Records for the task: Begin

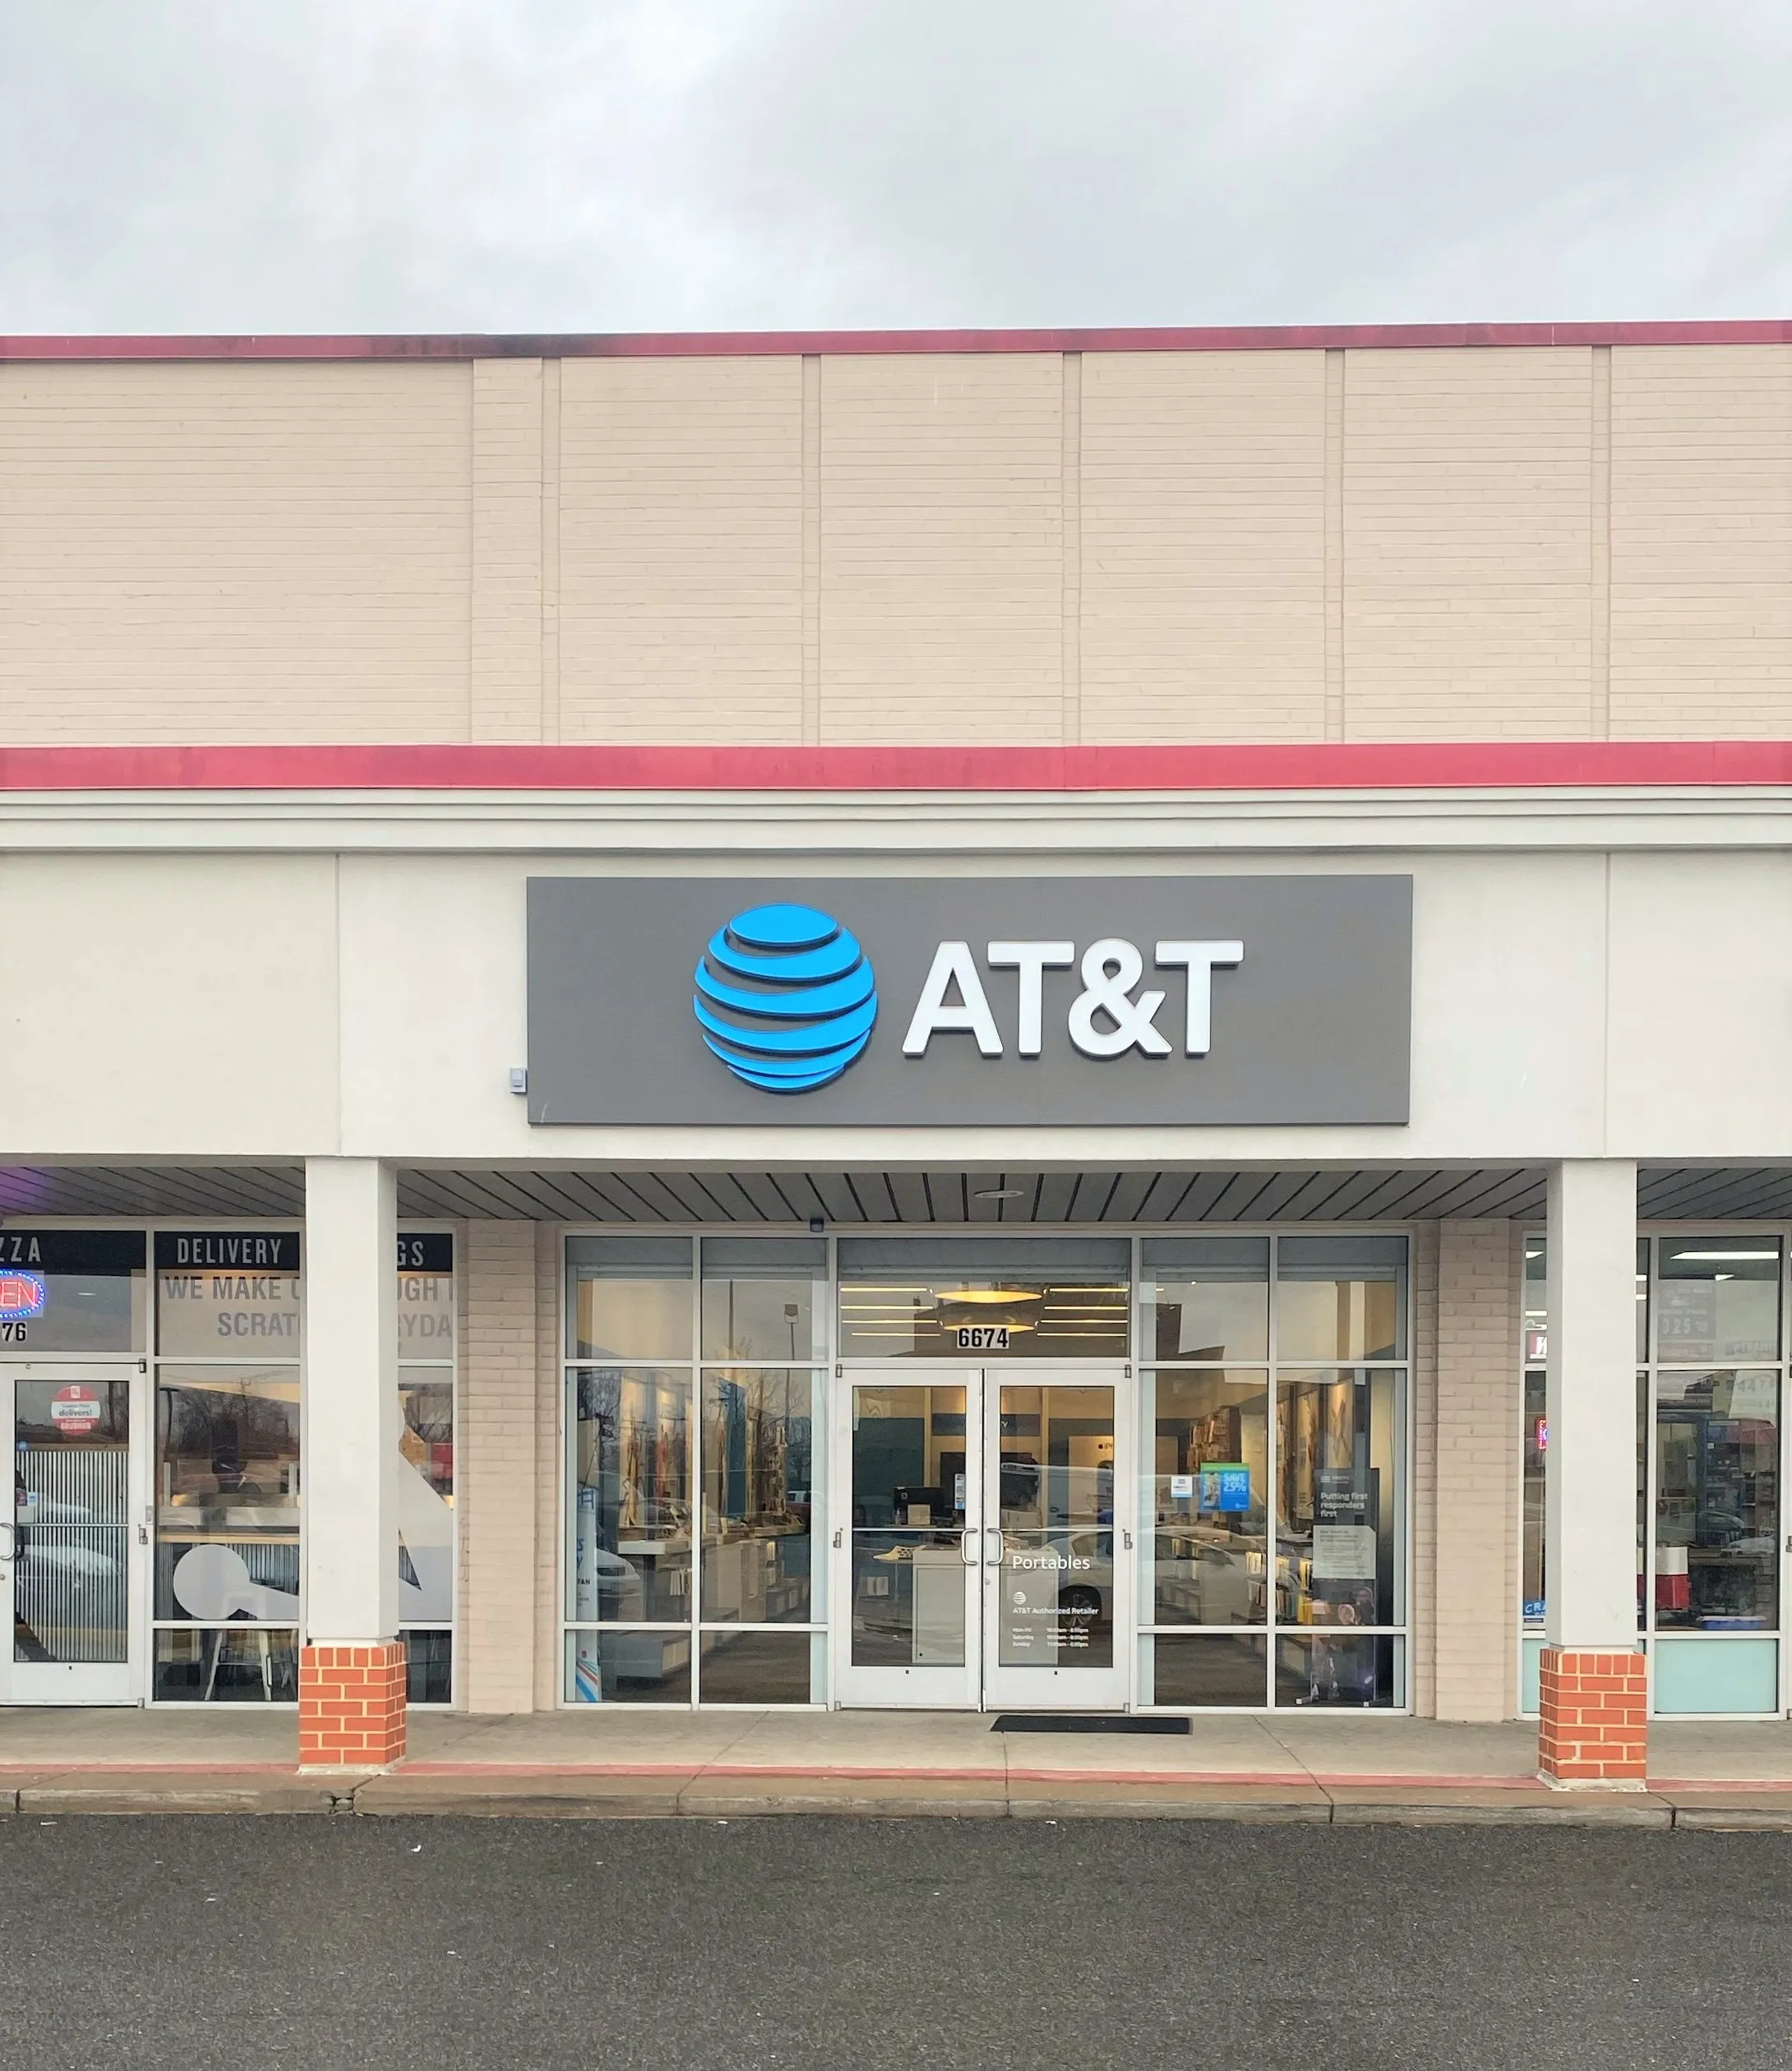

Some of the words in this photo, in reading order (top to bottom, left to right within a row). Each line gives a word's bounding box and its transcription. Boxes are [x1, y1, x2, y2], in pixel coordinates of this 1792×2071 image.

[902, 938, 1245, 1057] AT&T
[177, 1238, 282, 1264] DELIVERY
[164, 1276, 204, 1300] WE
[213, 1276, 282, 1300] MAKE
[217, 1311, 300, 1337] SCRAT
[958, 1328, 1008, 1348] 6674
[1223, 1472, 1245, 1482] SAVE
[1320, 1492, 1350, 1502] Putting
[1351, 1491, 1369, 1500] first
[1320, 1500, 1365, 1510] responders
[1320, 1509, 1337, 1518] first
[1012, 1555, 1091, 1570] Portables

Records for the task: End

_Task to carry out_
Would you restate the listing word for word without its pictures?

_Task output_
Some of the words in this photo, in reading order (top to bottom, left to right within a row). Each line gives a word's bounding box and its transcription. Boxes are [x1, y1, x2, y2], in pixel coordinates of this 1792×2071 image.

[902, 938, 1245, 1057] AT&T
[177, 1238, 282, 1264] DELIVERY
[164, 1276, 204, 1300] WE
[213, 1276, 282, 1300] MAKE
[217, 1311, 300, 1337] SCRAT
[958, 1328, 1008, 1348] 6674
[1223, 1472, 1245, 1482] SAVE
[1320, 1492, 1350, 1502] Putting
[1351, 1491, 1369, 1500] first
[1320, 1500, 1365, 1510] responders
[1320, 1509, 1337, 1518] first
[1012, 1555, 1091, 1570] Portables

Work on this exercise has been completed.